Sorry for the vague title, I'm not sure what's going on enough to formulate it better.

So, this is the render in my view:

  render: function () {
    var that = this;
    var template = JST['gists/index'];
    that.$el.html(template);
    console.log(['index to render', that.collection]);
    _.each(that.collection, function (gist) { // <- I set a breakpoint here
      console.log('looping');
      that.appendGistDetail(gist);
    });

    return that;
  },

The `console.log(..., that.collection]) is logging this collection correctly:

["index to render", child]
  0: "index to render"
  1: child
    _byId: Object
    length: 1
    models: Array[1] // <- Note one element.

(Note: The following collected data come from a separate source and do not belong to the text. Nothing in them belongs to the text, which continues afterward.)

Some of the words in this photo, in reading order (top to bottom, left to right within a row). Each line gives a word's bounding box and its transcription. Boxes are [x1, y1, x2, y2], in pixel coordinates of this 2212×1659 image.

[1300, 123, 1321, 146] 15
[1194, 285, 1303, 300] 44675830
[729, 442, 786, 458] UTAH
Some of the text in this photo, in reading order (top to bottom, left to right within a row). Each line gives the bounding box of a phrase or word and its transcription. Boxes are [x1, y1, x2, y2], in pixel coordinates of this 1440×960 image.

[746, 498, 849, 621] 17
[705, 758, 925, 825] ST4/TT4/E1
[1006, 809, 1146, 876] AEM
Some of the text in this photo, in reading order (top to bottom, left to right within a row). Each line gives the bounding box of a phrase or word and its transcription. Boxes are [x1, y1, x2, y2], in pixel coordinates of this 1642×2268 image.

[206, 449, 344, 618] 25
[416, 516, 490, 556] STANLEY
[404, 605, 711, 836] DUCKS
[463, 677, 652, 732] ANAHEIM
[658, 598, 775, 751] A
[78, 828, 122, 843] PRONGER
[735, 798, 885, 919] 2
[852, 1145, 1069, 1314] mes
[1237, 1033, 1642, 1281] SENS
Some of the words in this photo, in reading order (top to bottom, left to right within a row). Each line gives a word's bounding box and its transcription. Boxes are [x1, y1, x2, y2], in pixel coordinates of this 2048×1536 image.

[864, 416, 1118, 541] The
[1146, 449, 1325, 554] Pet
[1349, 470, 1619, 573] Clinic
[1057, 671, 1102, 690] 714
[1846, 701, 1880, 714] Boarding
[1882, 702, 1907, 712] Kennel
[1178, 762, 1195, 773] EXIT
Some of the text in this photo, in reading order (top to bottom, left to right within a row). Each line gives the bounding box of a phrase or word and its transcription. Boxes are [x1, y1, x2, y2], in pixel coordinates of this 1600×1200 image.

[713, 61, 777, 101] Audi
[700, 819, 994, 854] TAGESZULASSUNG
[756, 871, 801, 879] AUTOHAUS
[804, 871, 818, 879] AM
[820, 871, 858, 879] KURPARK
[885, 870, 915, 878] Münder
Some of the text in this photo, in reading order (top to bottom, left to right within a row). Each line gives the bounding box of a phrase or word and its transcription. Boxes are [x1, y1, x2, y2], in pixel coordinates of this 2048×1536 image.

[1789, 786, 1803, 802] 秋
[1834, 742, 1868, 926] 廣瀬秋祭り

Saving space, but I checked it out and the model is correct
// Worth noting 'looping' is not being logged

However the output from the previously mentioned breakpoint Scope Variable display in Chrome Dev tools:

that: child
  $el: jQuery.fn.jQuery.init[1]
  childViews: Array[0]
  cid: "view2"
  collection: child
    _byId: Object
    length: 0
    models: Array[0] // <- Note it's empty, just to test I also set a bp on the line above and it's the same, and when I hovered my mouse over `that.collection` from `console.log` it also said it was empty, but it logs correctly.

So, I'm not really sure what to do, or even what's going on.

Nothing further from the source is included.